- About this exercise -
As the output, give exactly the lines that run from the one with "Some of the words" through the end of the records below, and omit pictures.

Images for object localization
Content starts
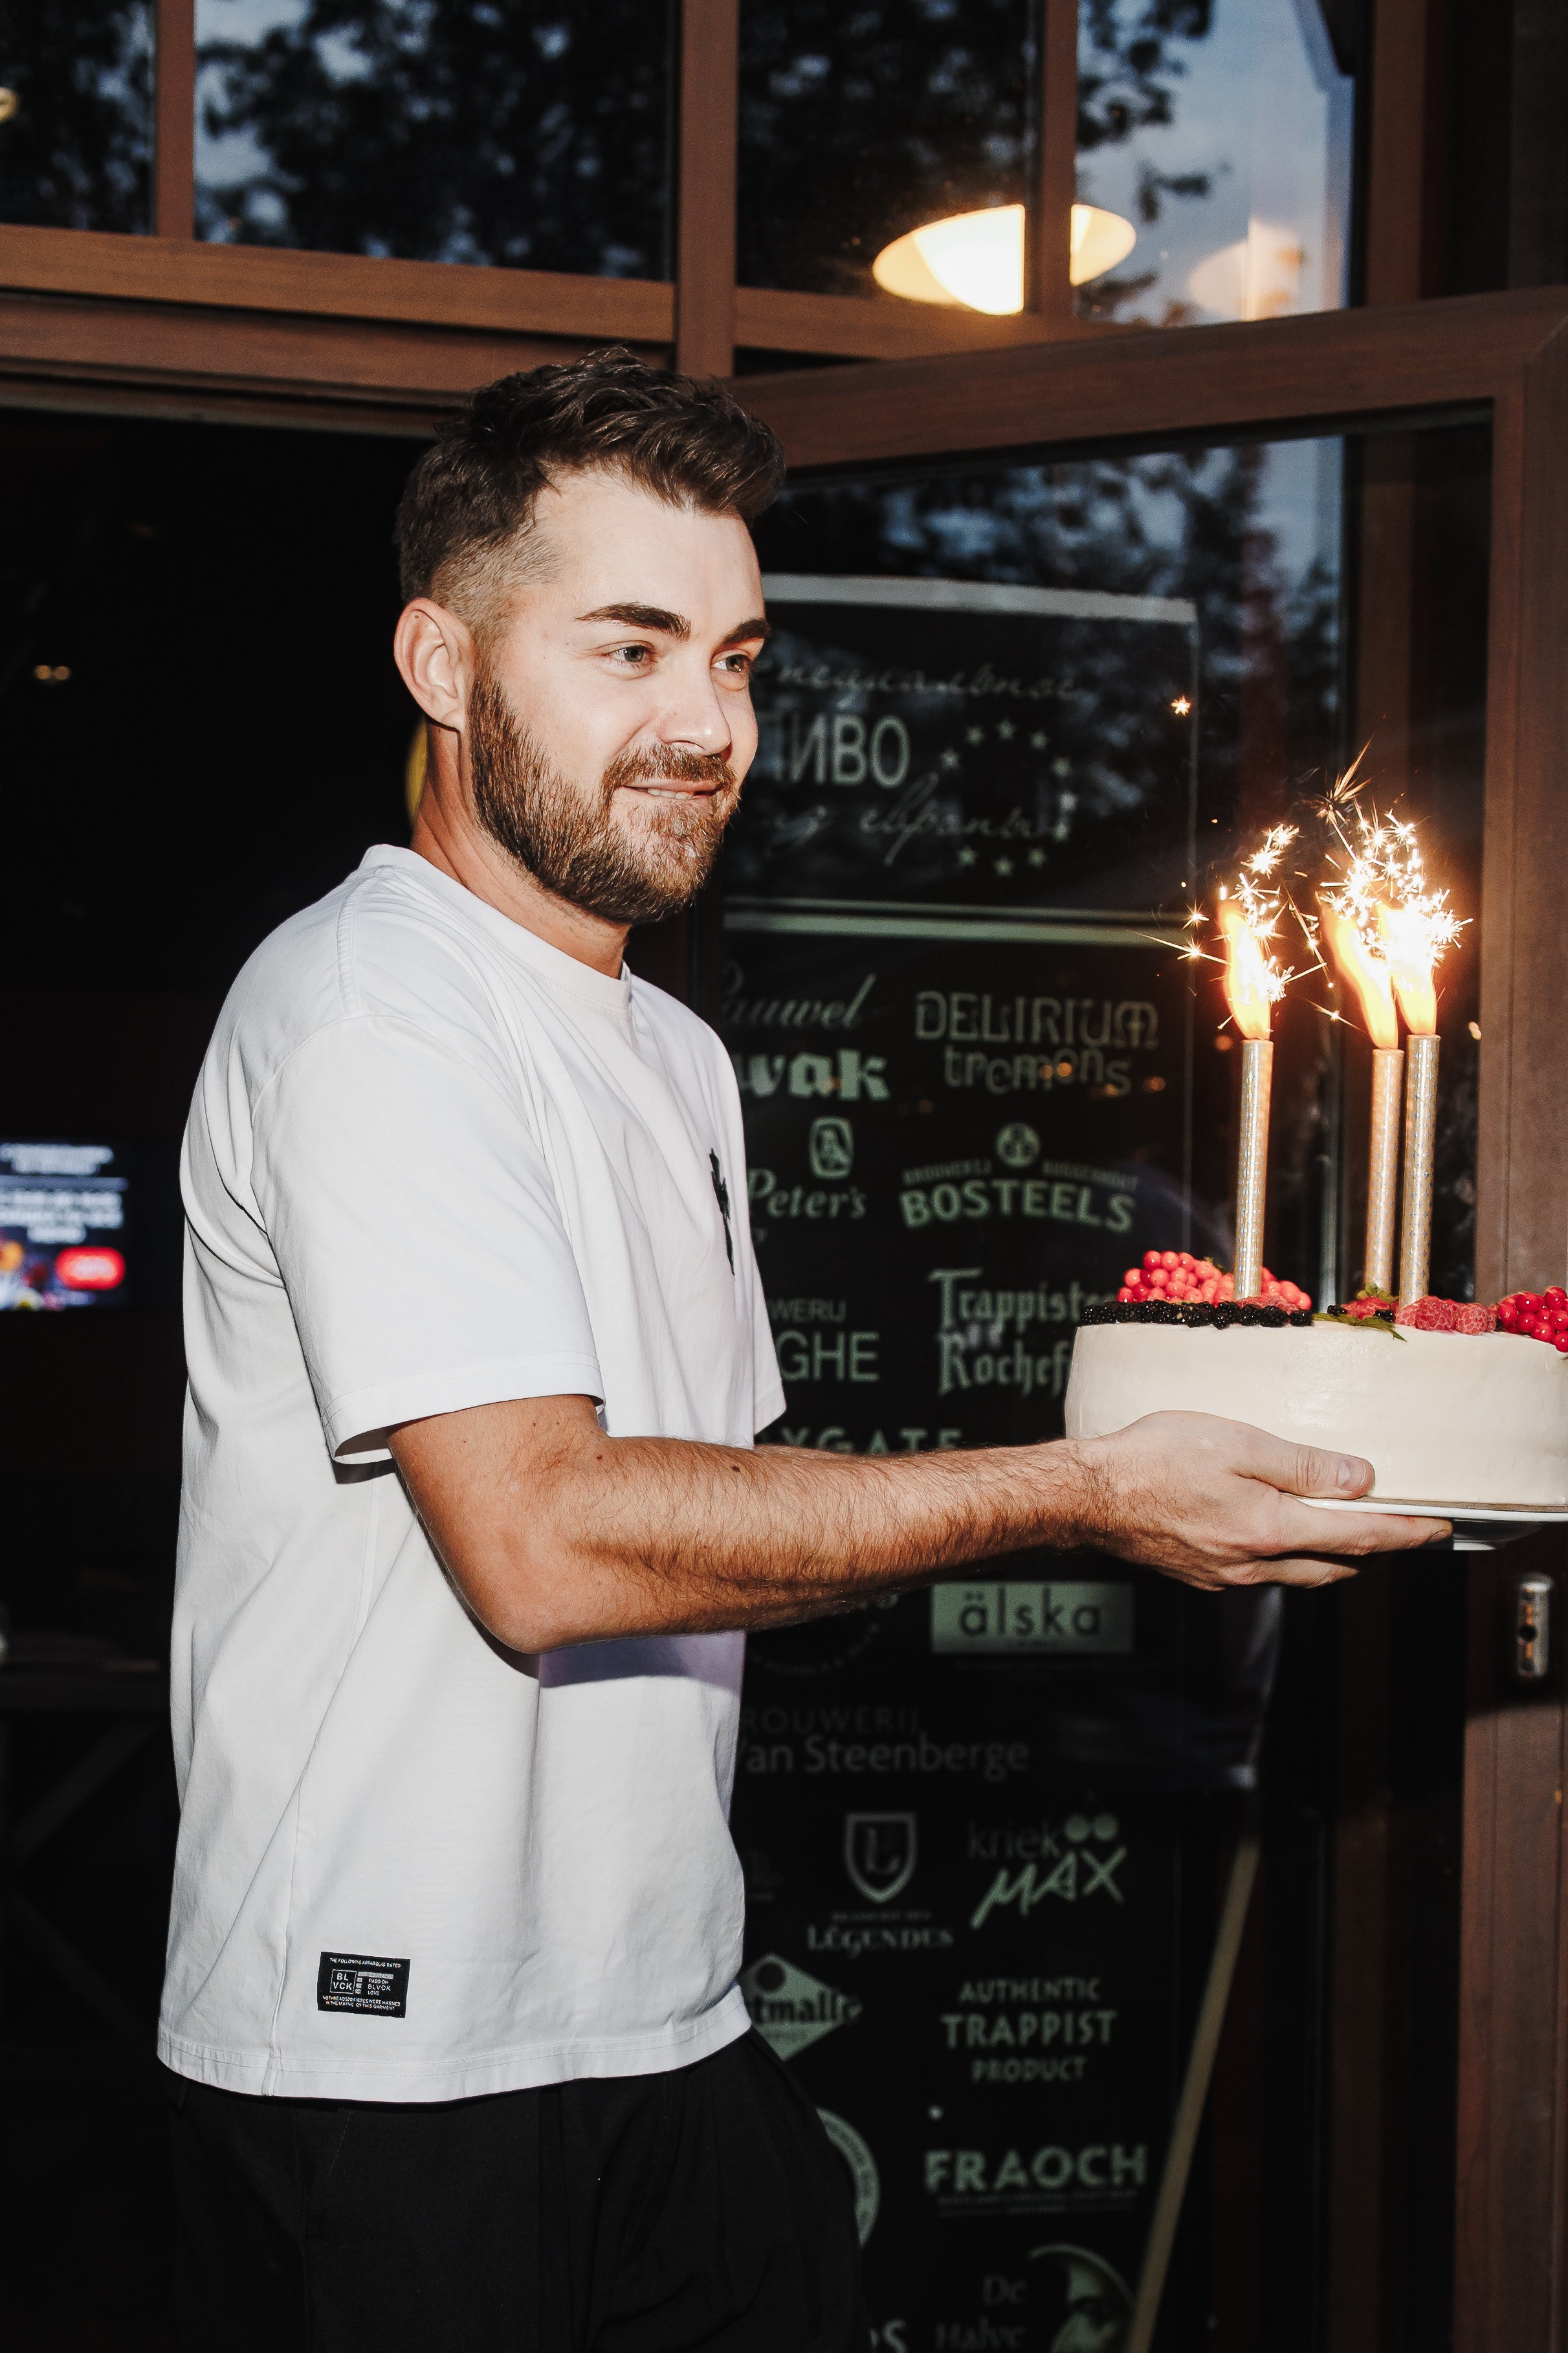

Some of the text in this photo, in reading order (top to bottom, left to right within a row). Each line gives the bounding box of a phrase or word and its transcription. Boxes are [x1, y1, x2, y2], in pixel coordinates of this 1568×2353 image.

[915, 989, 1160, 1050] DELIRIUM
[942, 1043, 1132, 1098] tremens
[899, 1178, 1136, 1234] BOSTEELS
[927, 1267, 1117, 1335] Trappist
[777, 1329, 881, 1383] GHE
[959, 1586, 1099, 1637] älska
[803, 1730, 1030, 1783] Steenberge
[967, 1818, 1062, 1860] kriek
[969, 1845, 1128, 1930] MAX
[333, 1981, 353, 1991] VCK
[337, 1972, 349, 1981] BL
[956, 1976, 1101, 2005] AUTHENTIC
[938, 2009, 1120, 2050] TRAPPIST
[971, 2055, 1088, 2084] PRODUCT
[923, 2143, 1149, 2194] FRAOCH
[982, 2273, 1028, 2306] De
[936, 2315, 1026, 2352] Halve
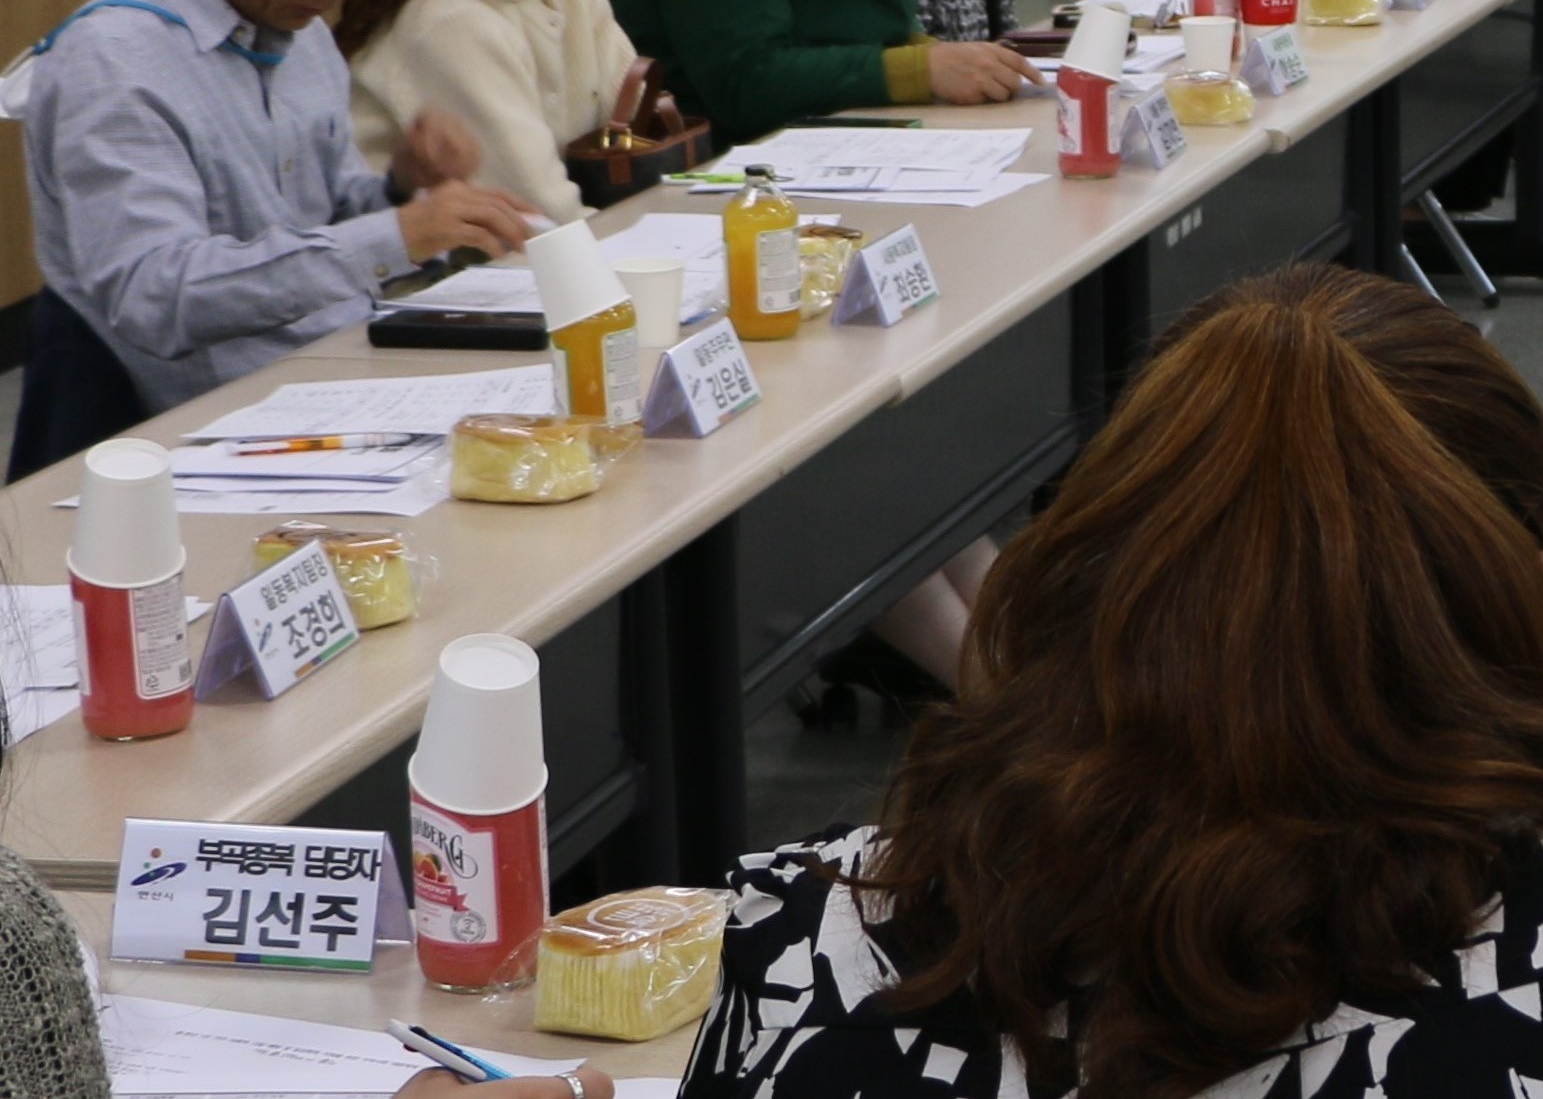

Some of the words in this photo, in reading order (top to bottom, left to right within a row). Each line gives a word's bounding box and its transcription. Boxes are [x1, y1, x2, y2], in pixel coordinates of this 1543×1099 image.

[281, 588, 347, 660] 조경희
[304, 844, 383, 882] 담당자
[202, 887, 359, 953] 김선주
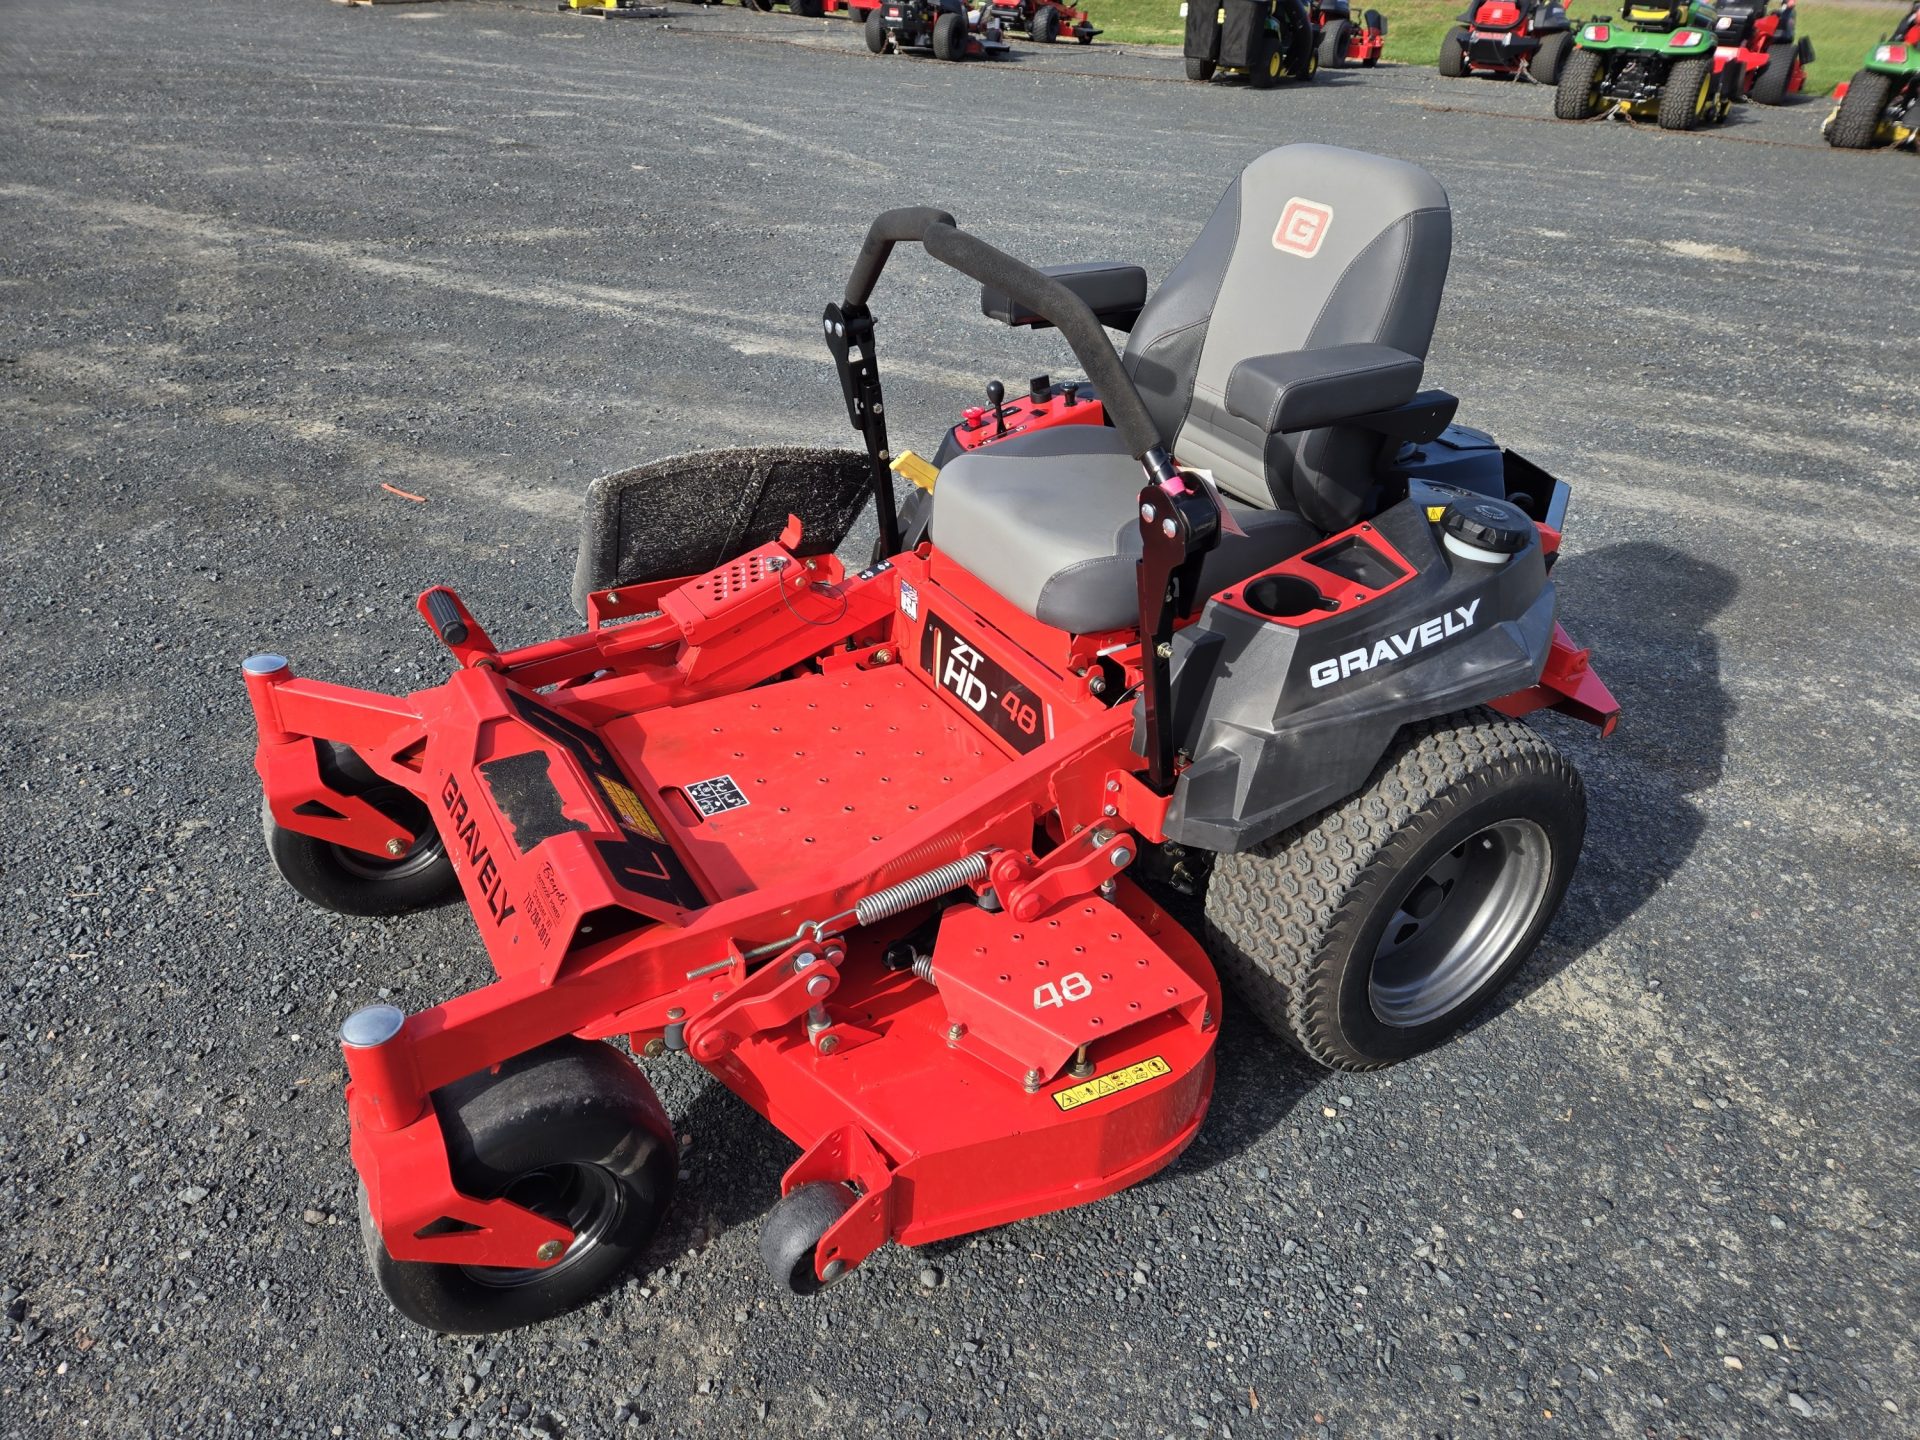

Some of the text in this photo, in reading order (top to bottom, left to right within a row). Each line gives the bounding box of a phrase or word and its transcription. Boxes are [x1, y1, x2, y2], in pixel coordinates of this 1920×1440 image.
Content ends
- Written response -
Some of the words in this photo, in reading order (top to bottom, left to right within a row). Each line gives a word's bounding box and its transcription. Boxes are [x1, y1, x2, y2], in pixel coordinates of this 1543×1099 image.

[281, 588, 347, 660] 조경희
[304, 844, 383, 882] 담당자
[202, 887, 359, 953] 김선주

Some of the text in this photo, in reading order (top to bottom, left to right within a row). Each line gives the bounding box of a phrase or word and its transcription. Boxes are [x1, y1, x2, y2], in pixel coordinates of this 1920×1440 image.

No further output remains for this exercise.